Botany And Birding
The East Hampton Trails Preservation Society has winter botany on the agenda for Saturday at 3 p.m. Mike Bottini will lead a hike and identify the trees, shrubs, and grasses of the Stony Hill forest on the northwest side of Amagansett. The event is co-sponsored by the Group for the South Fork. Hikers are asked to meet on Red Dirt Road, about 200 yards east of the intersection with Accabonac Road.
On Sunday, the Group plans to bring hikers to a variety of locations on the East End to view sea birds, including scoters, common eiders, gannets, purple sandpipers, cormorants, and tundra swans. Steve Biasetti will lead the pack. Those interested have been asked to contact the Group at its Bridgehampton offices for time and place.

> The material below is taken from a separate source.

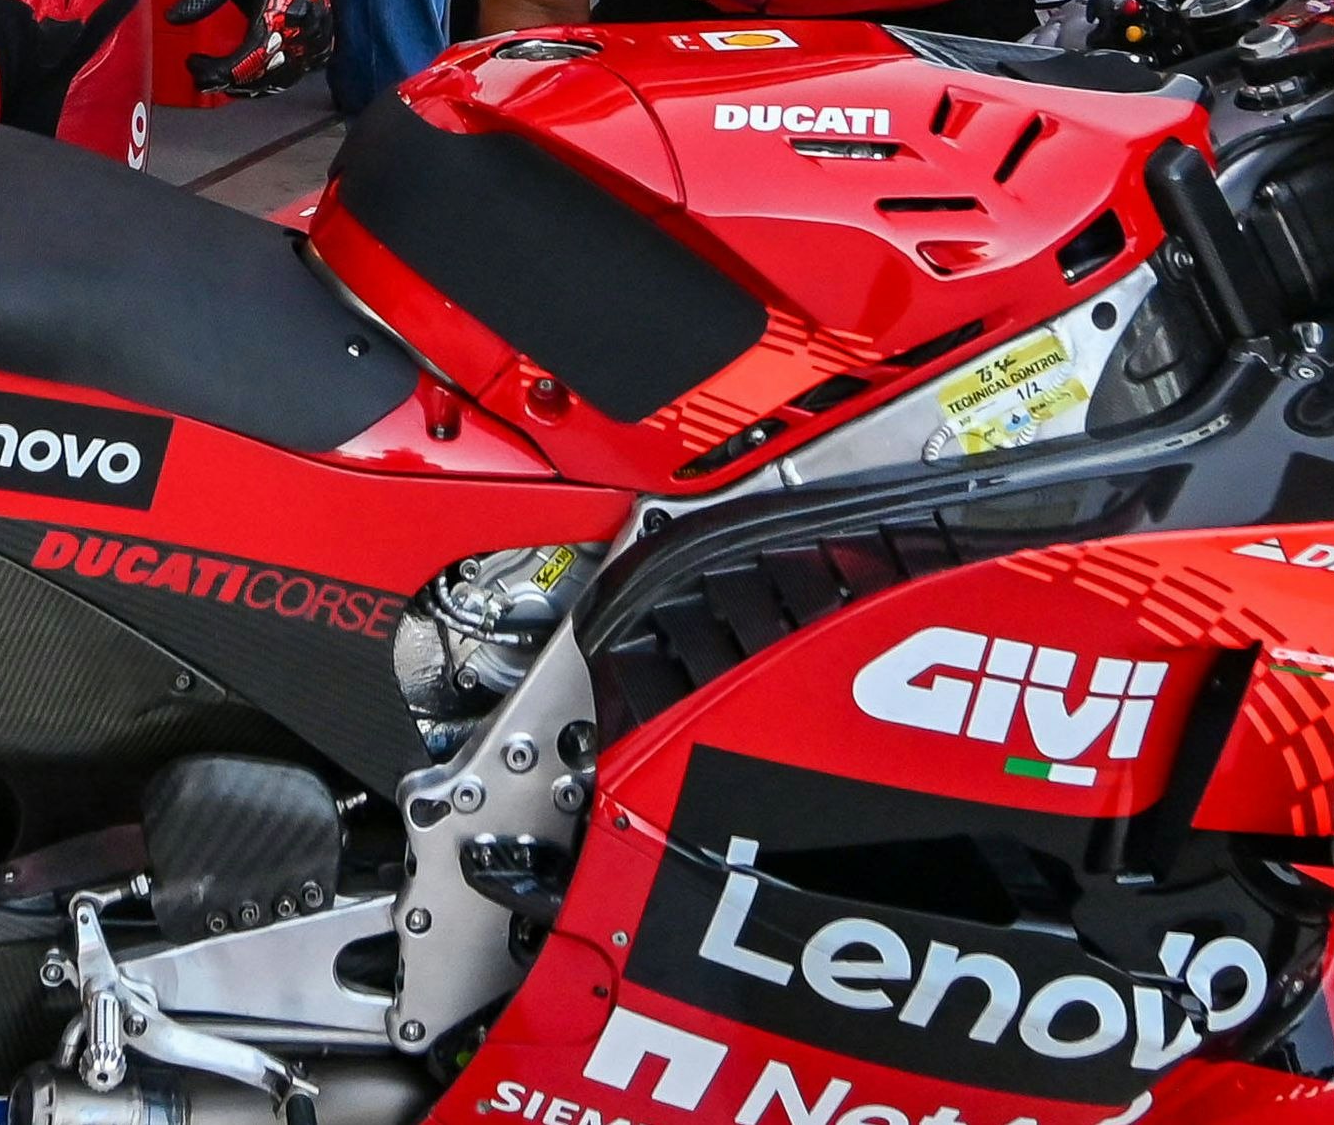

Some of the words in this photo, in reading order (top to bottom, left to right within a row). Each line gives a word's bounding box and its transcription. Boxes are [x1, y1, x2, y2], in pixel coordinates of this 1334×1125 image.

On Wednesday beginning at 10 a.m., the Trails Society's Richard Lupoletti is scheduled to lead a hike through the stately beech trees and American holly of the Point Woods forest of Montauk State Park. He suggests that hikers dress warmly and meet at the road to Camp Hero off Montauk Highway, one mile east of Deep Hollow Ranch.
Randy Tate, the Nature Conservancy's new director of Stewardship Operations, is scheduled to lead a hike along the beach between Shinnecock Bay and the ocean in search of sea birds on Saturday beginning at 9 a.m. Hikers have been asked to contact the East Hampton office of the conservancy for registration and directions.
Sea birds will also be the focus of a cruise on Saturday from Greenport, sponsored by the Cornell Cooperative Extension Service. John Turner, a naturalist and educator, will guide birders aboard the 100-foot Sunbeam Express on a four-hour sail in Gardiner's Bay and Block Island Sound. The Express will sail at 10 a.m. and return at 2 p.m.
Eider, scoters, bufflehead, mergansers, gannets, and alcids are in the area, as well as the occasional harbor seal. The cost is $30 for adults and $15 for children 12 and under. Advance registration and payment are required by calling the Extension Service's marine center in Southold.